23 A personal commitment and a new paradigm

The peaceful coexistence in my mind between the Bible and science, which had been mediated by literature, was disturbed in my early teen years when, along with an introduction to a deeper and more personal faith than we had previously known, my family and I were also introduced to a way of reading the Bible that held, essentially, “It can’t be poetry.”

In the early 1970’s, a renewal movement was sweeping through mainline churches, such as the one my father served, and also through the popular culture, where the so-called “Jesus People” appeared very briefly, as a offshoot of the “hippie” movement found faith in Christ. Some of these “Jesus People” were among my fellow high school students. When I recognized the same living faith in them as I had witnessed in my parents, who had recently experienced the renewal of their own faith, I sought for myself the peace and joy I was seeing in these others, and made a personal commitment of my life to Christ.
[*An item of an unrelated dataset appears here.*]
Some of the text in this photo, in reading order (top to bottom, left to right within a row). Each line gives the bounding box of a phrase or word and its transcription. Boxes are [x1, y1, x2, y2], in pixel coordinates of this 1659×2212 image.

I deeply cherish the priceless gifts that my church upbringing had previously given to me, especially the importance of reaching out to those in need through practical demonstrations of the love of Christ, and a fearless openness to culture—art, music, literature, philosophy, and so forth. And now something vital and just as priceless was added to it, from another tradition within the broader church that had different but complementary emphases: a personal faith in Jesus.
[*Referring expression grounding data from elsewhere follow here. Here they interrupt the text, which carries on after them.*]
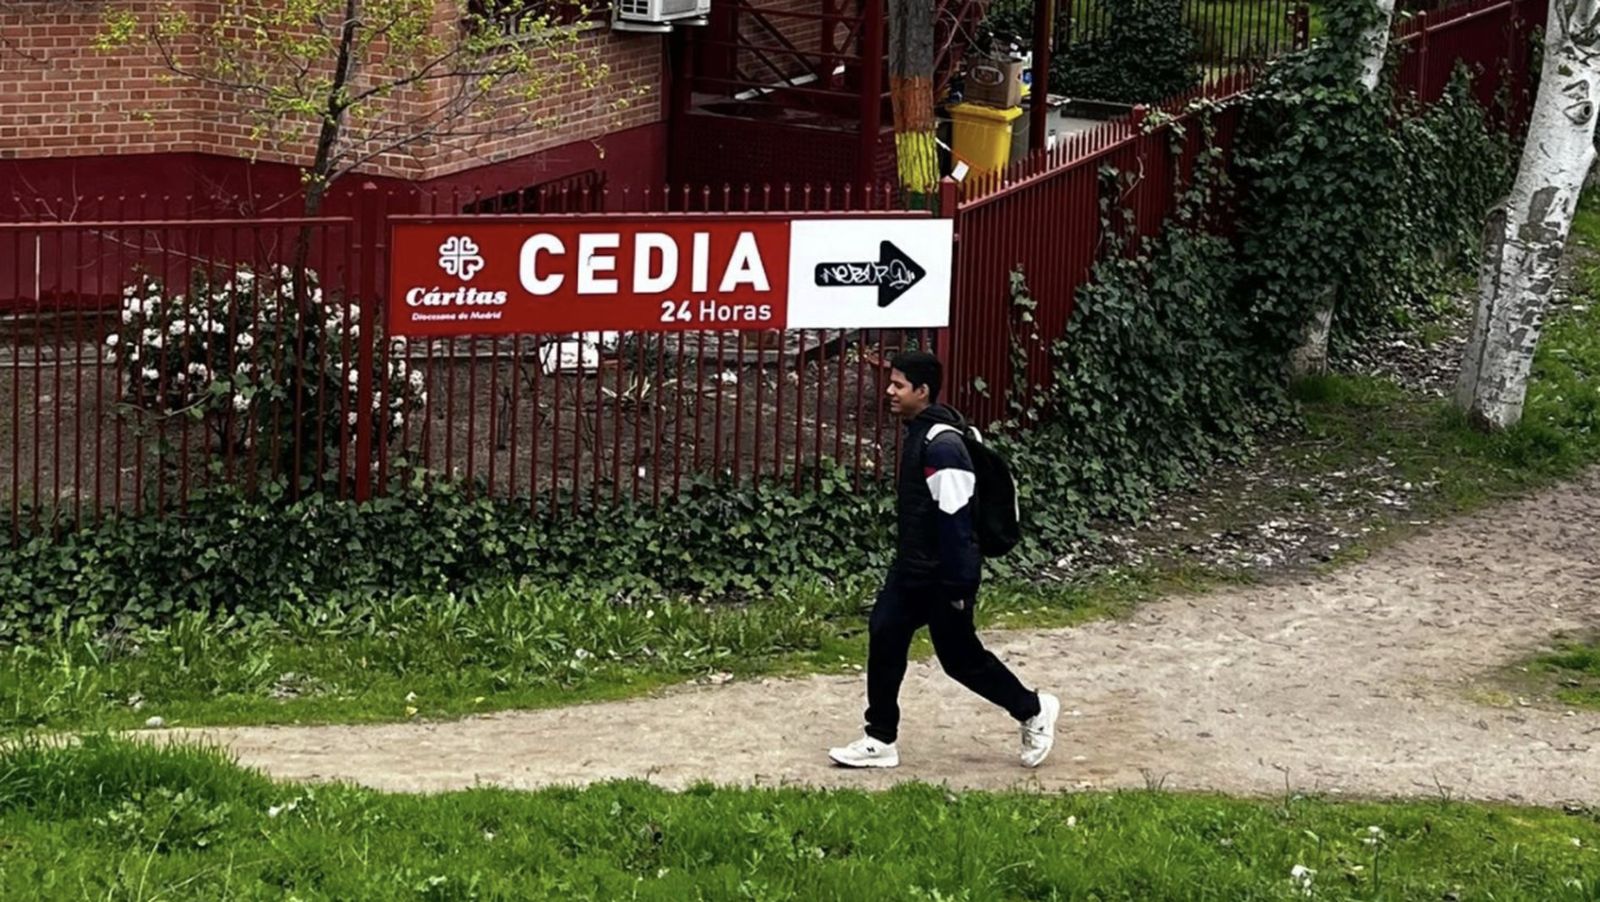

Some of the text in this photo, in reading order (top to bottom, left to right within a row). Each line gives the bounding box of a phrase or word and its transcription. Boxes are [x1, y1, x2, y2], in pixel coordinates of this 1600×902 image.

[518, 231, 771, 296] CEDIA
[405, 286, 508, 307] Cáritas
[411, 311, 502, 321] Diocesana de Madrid
[660, 299, 772, 322] 24 Horas
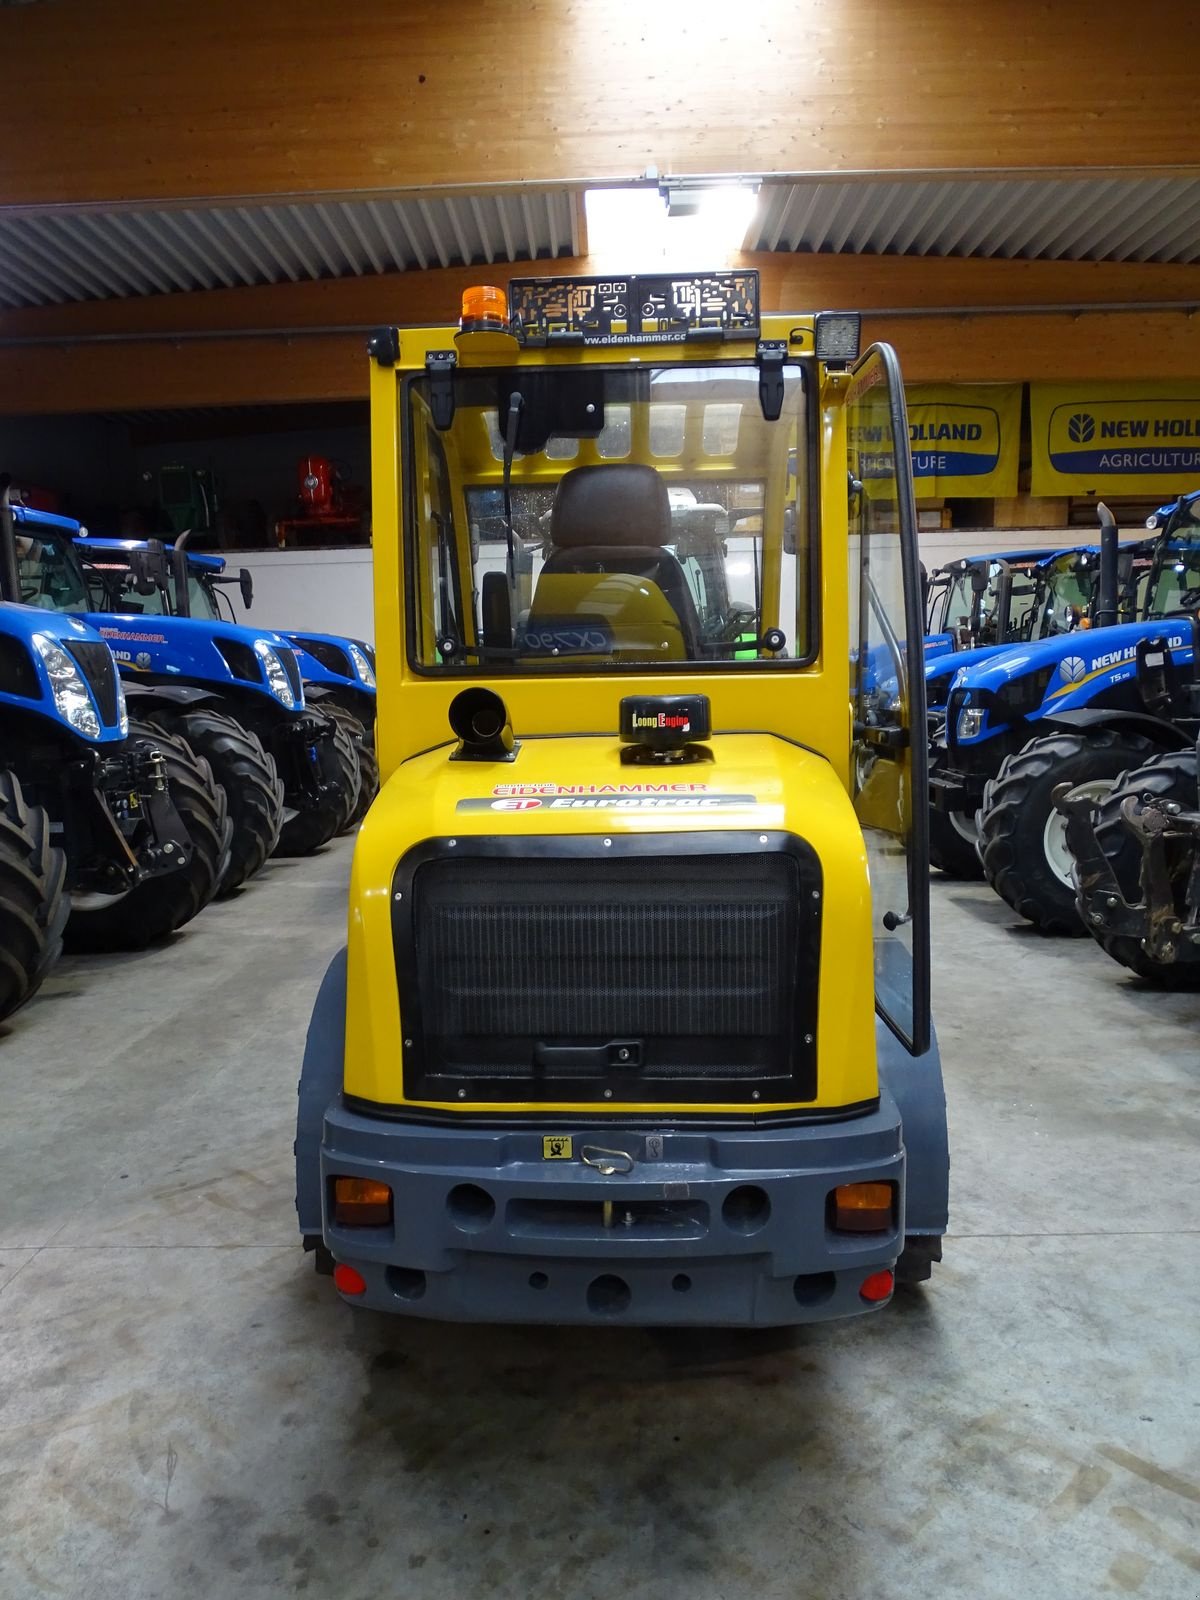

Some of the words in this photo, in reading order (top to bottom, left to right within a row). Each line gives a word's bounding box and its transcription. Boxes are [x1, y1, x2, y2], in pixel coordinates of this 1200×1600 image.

[1101, 420, 1149, 438] NEW
[1154, 419, 1200, 438] HOLL
[1099, 452, 1200, 468] AGRICULTUR
[1091, 650, 1122, 671] NEW
[492, 784, 708, 797] EIDENHAMMER
[548, 798, 721, 809] Eurotrac
As the renewal movement spread, and a critical mass of Christian students emerged in my high school, we began to meet weekly for Bible study and prayer. We also went frequently to youth rallies and conferences, on trips that were organized by the various churches we students attended. These outings constituted a broad and rapid exposure to this other part of the church that I hadn’t been introduced to before. The result was that the mainline Christian theology I’d learned to that point was quickly supplemented by an amalgam of fundamentalist, evangelical, Pentecostal, and charismatic perspectives.

One of these trips was to nearby Fairfield University for a conference sponsored by the Creation Research Society (CRS). Both Duane Gish and Henry Morris spoke at the conference. What I heard from them was very different from the mild position on origins with which I’d previously been comfortable.
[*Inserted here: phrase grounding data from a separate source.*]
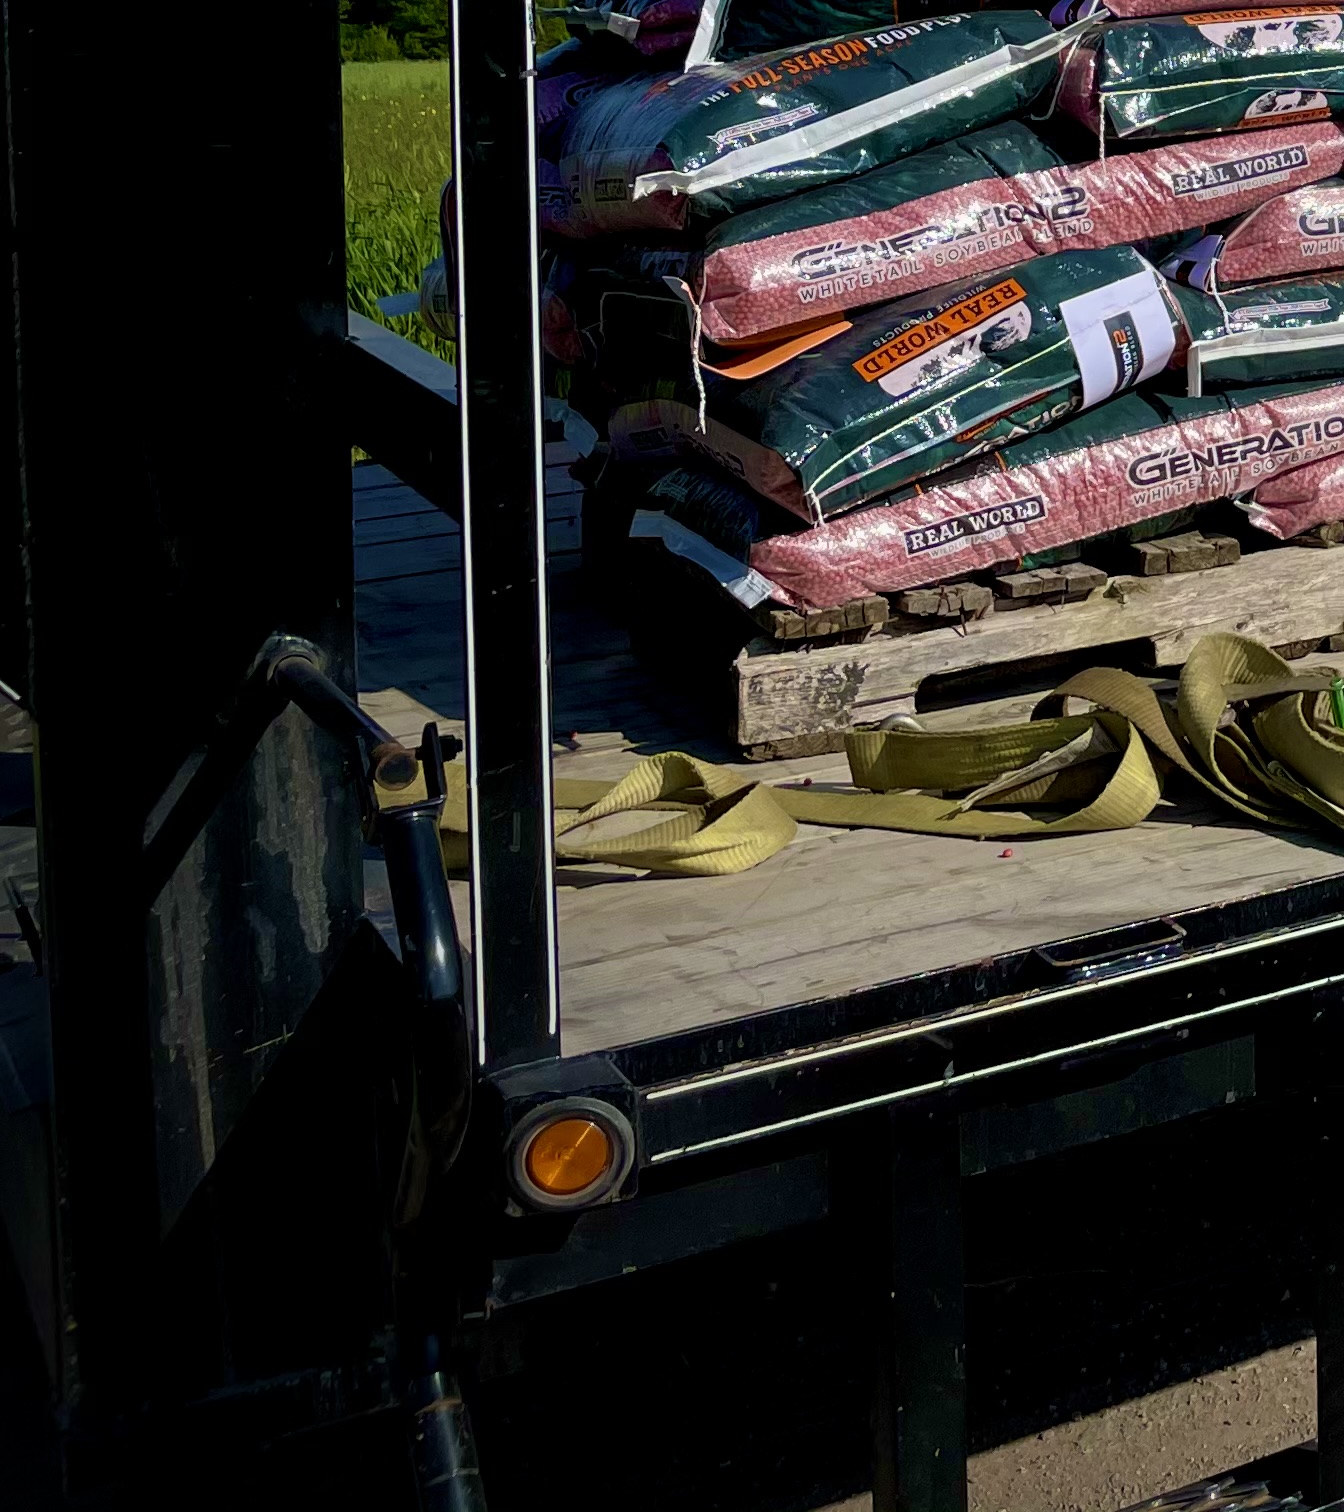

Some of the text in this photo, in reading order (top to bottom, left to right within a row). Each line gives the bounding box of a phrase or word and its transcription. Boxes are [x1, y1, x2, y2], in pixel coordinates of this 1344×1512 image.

[700, 89, 730, 107] THE
[729, 37, 868, 94] FULL-SEASON
[864, 25, 921, 49] FOOD
[1177, 148, 1304, 192] REAL WORLD
[800, 262, 924, 303] WHITETAIL
[863, 283, 1019, 375] REAL WORLD
[872, 310, 934, 348] PRODUCTS
[911, 500, 1041, 550] REAL WORLD
Gish and Morris, in their presentations, were militant in tone, evangelistic in their appeal, and highly detailed when it came to the when and how of creation. Their fervor and documented scientific credentials combined to have an impact on me sufficient to make me abandon my previous, casually-held position (which, I learned, was considered “theistic evolution”) and accept their literal reading of Genesis and a young-earth paradigm for natural history.

After the conference many of us bought their books and took them home to read. I personally read Gish’s book Evolution: The Fossils Say No! I also signed up for the CRS newsletter, Acts and Facts, which I received for the next several years. My new convictions became part of the message I shared with others. With my fellow believing students, I handed out, along with Scripture portions and other gospel literature, Jack T. Chick’s tract “Big Daddy,” a brief cartoon in which a Christian student embarrasses a hostile evolutionist teacher by presenting evidences for recent creation.

The cover of Jack T. Chick’s pamphlet about evolution.

I submitted a creationist term paper in my own biology class. My teacher, who had never been hostile, commented on it graciously and without evident embarrassment. One day, as I was riding home on the late bus, a fellow student engaged me angrily and at great length on the subject of evolution. The discussion, which was spread over most of our town, given the circuitous route of the late bus, reached no conclusion, although a third student whispered encouragingly to me on her way out the door, “I agree with you.”

I submitted an even longer creationist study as my research paper in junior English. The teacher gave me credit for developing my argument by extensive use of sources, but asked me to consider whether some of my conclusions might actually be based on personal opinion, rather than on hard evidence. It didn’t seem to me at the time that this could be the case. I really wasn’t living with any doubts or tensions in these years. I felt I could trust the scientific work of the creationists. They had Ph.D. credentials in the relevant fields, and the way they read the Bible was the same way everyone else read it in the part of the church where I’d been invited to meet Christ personally.

But I didn’t have to pursue my vocation much further before the creationist paradigm I was holding in my mind began to erode.